• _Work item_:
The full text of the records below, minus any pictures, should be given back word for word.

───── Supplied data

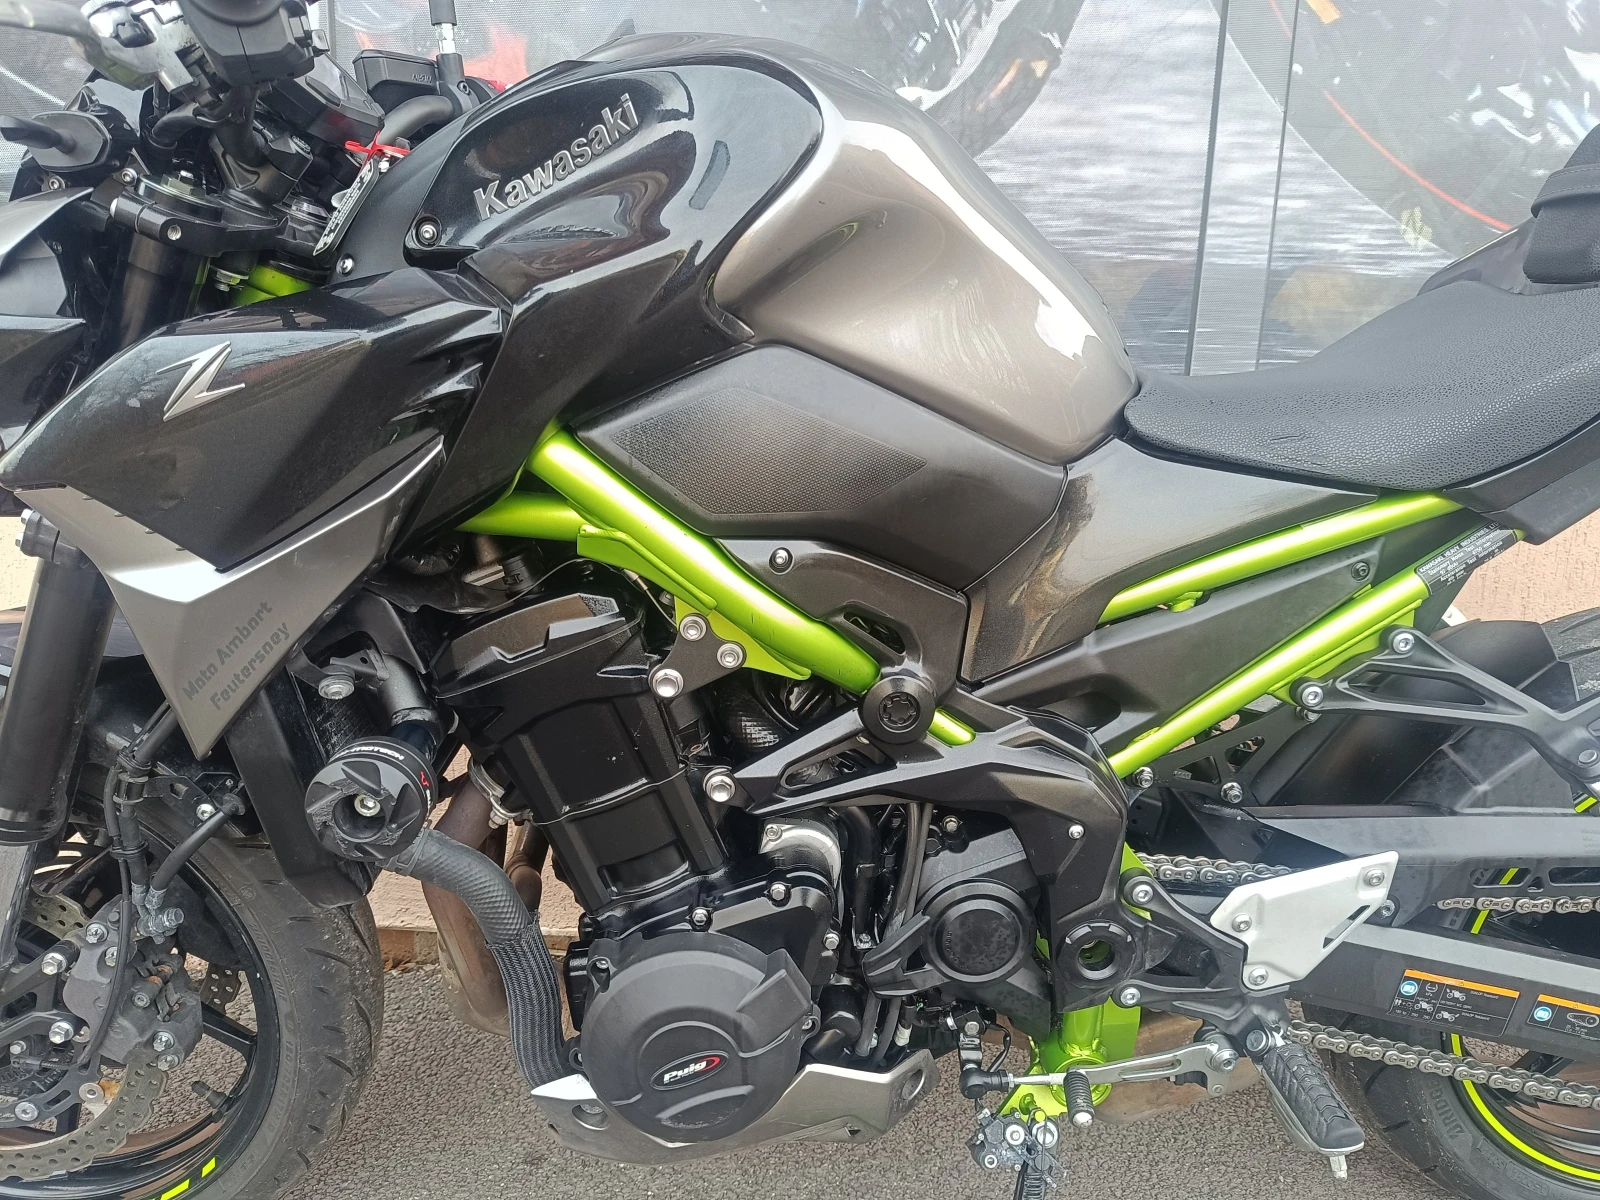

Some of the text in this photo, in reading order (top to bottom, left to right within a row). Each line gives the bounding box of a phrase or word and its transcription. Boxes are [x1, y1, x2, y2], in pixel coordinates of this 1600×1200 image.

[473, 93, 639, 221] Kawasaki
[1440, 563, 1465, 581] Acceleration
[1478, 540, 1502, 557] Information
[1444, 545, 1459, 556] HEAVY
[1451, 551, 1464, 561] Noise
[1476, 528, 1500, 545] Information
[182, 662, 218, 700] Moto
[664, 1060, 707, 1082] Puig
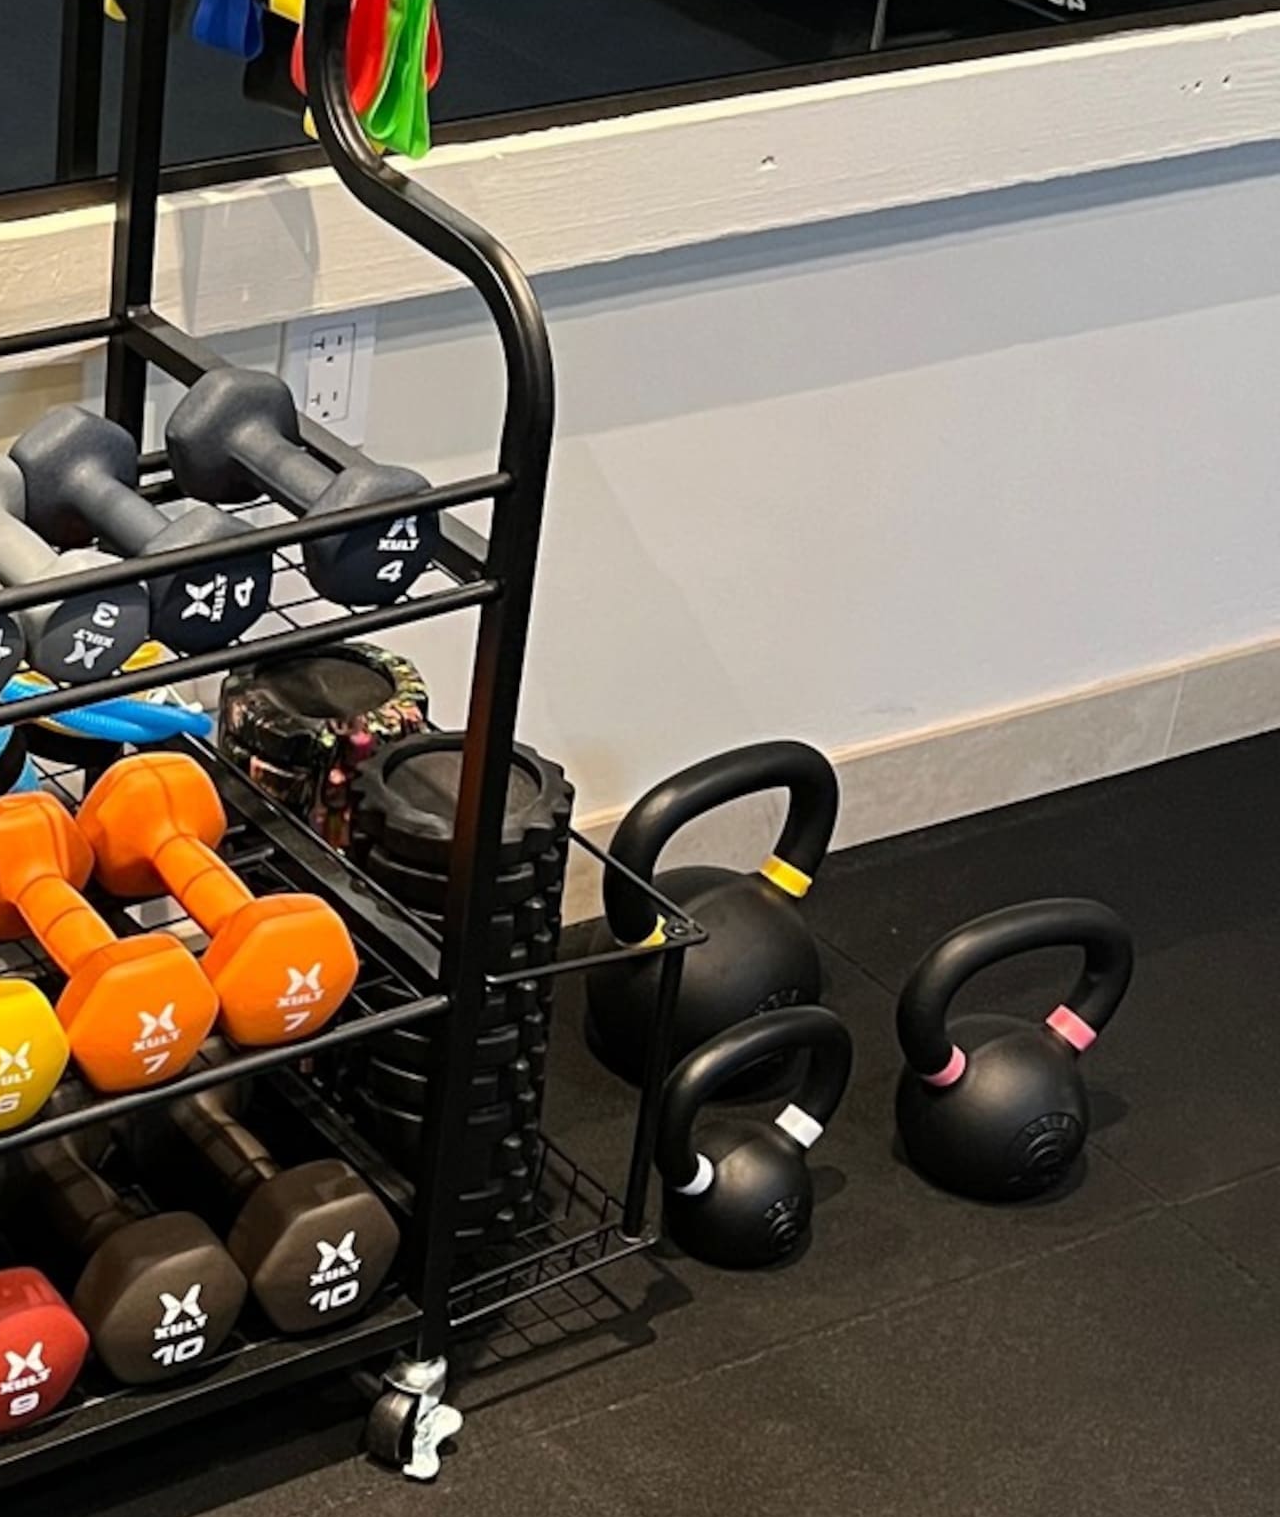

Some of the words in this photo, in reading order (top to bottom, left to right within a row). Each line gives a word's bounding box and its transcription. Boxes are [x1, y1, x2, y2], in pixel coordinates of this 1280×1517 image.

[377, 538, 419, 551] XULT
[377, 559, 404, 582] 4
[233, 576, 255, 608] 4
[92, 603, 119, 628] 3
[276, 988, 325, 1009] XULT
[283, 1011, 312, 1033] 7
[131, 1028, 182, 1054] XULT
[143, 1051, 170, 1076] 7
[309, 1258, 363, 1287] XULT
[309, 1280, 361, 1313] 10
[153, 1312, 209, 1341] XULT
[151, 1335, 206, 1367] 10
[0, 1367, 52, 1395] XULT
[9, 1391, 40, 1417] 9
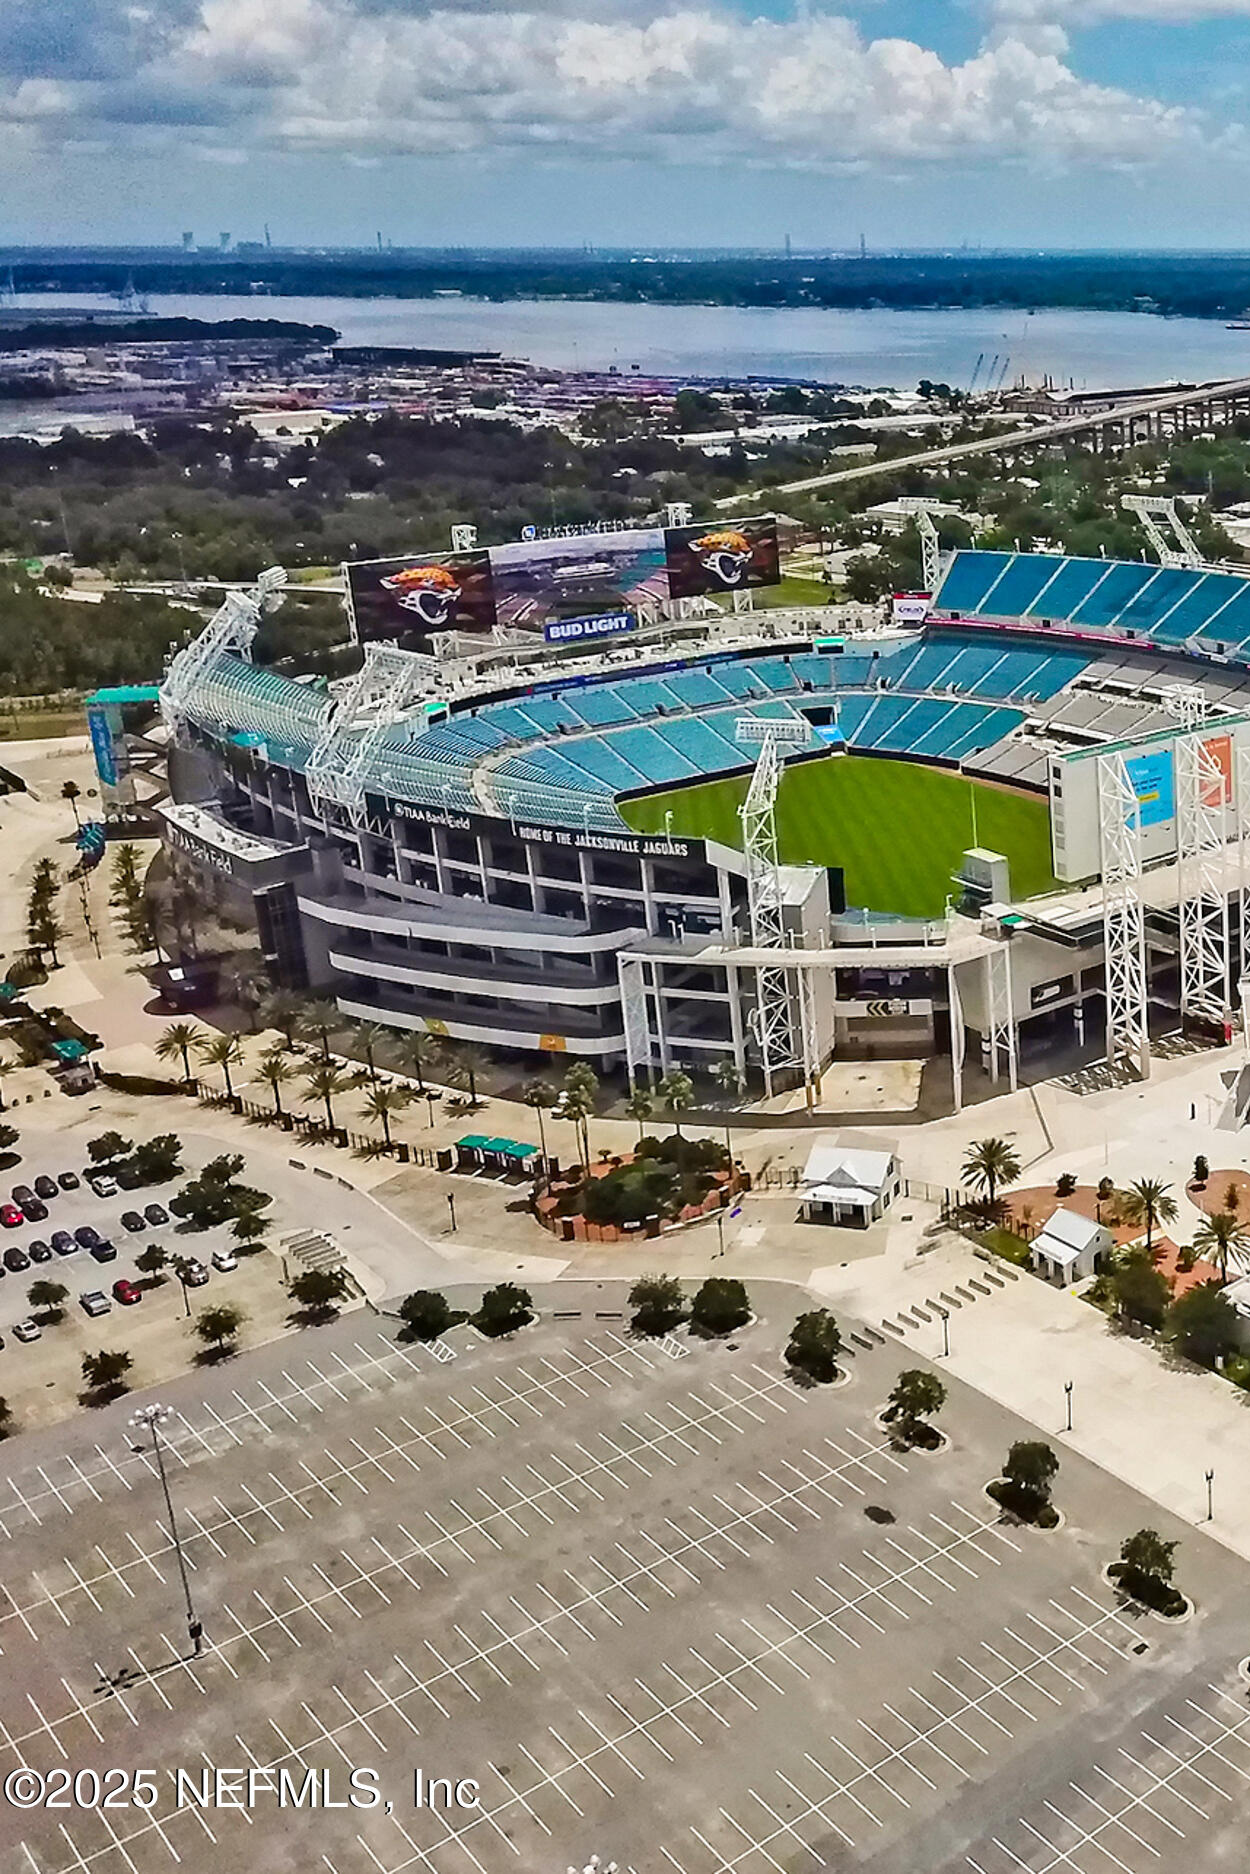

──────────

• _Problem solution_:
Some of the text in this photo, in reading order (top to bottom, left to right within a row). Each line gives the bounding box of a phrase or word and its transcription. Boxes are [x1, y1, x2, y2], in pixel coordinates of this 1600×1200 image.

[473, 93, 639, 221] Kawasaki
[1440, 563, 1465, 581] Acceleration
[1478, 540, 1502, 557] Information
[1444, 545, 1459, 556] HEAVY
[1451, 551, 1464, 561] Noise
[1476, 528, 1500, 545] Information
[182, 662, 218, 700] Moto
[664, 1060, 707, 1082] Puig

Some of the words in this photo, in reading order (top to bottom, left to right within a row). Each line gives a word's bounding box and its transcription. Boxes are [x1, y1, x2, y2], in pixel coordinates of this 1280×1517 image.

[377, 538, 419, 551] XULT
[377, 559, 404, 582] 4
[233, 576, 255, 608] 4
[92, 603, 119, 628] 3
[276, 988, 325, 1009] XULT
[283, 1011, 312, 1033] 7
[131, 1028, 182, 1054] XULT
[143, 1051, 170, 1076] 7
[309, 1258, 363, 1287] XULT
[309, 1280, 361, 1313] 10
[153, 1312, 209, 1341] XULT
[151, 1335, 206, 1367] 10
[0, 1367, 52, 1395] XULT
[9, 1391, 40, 1417] 9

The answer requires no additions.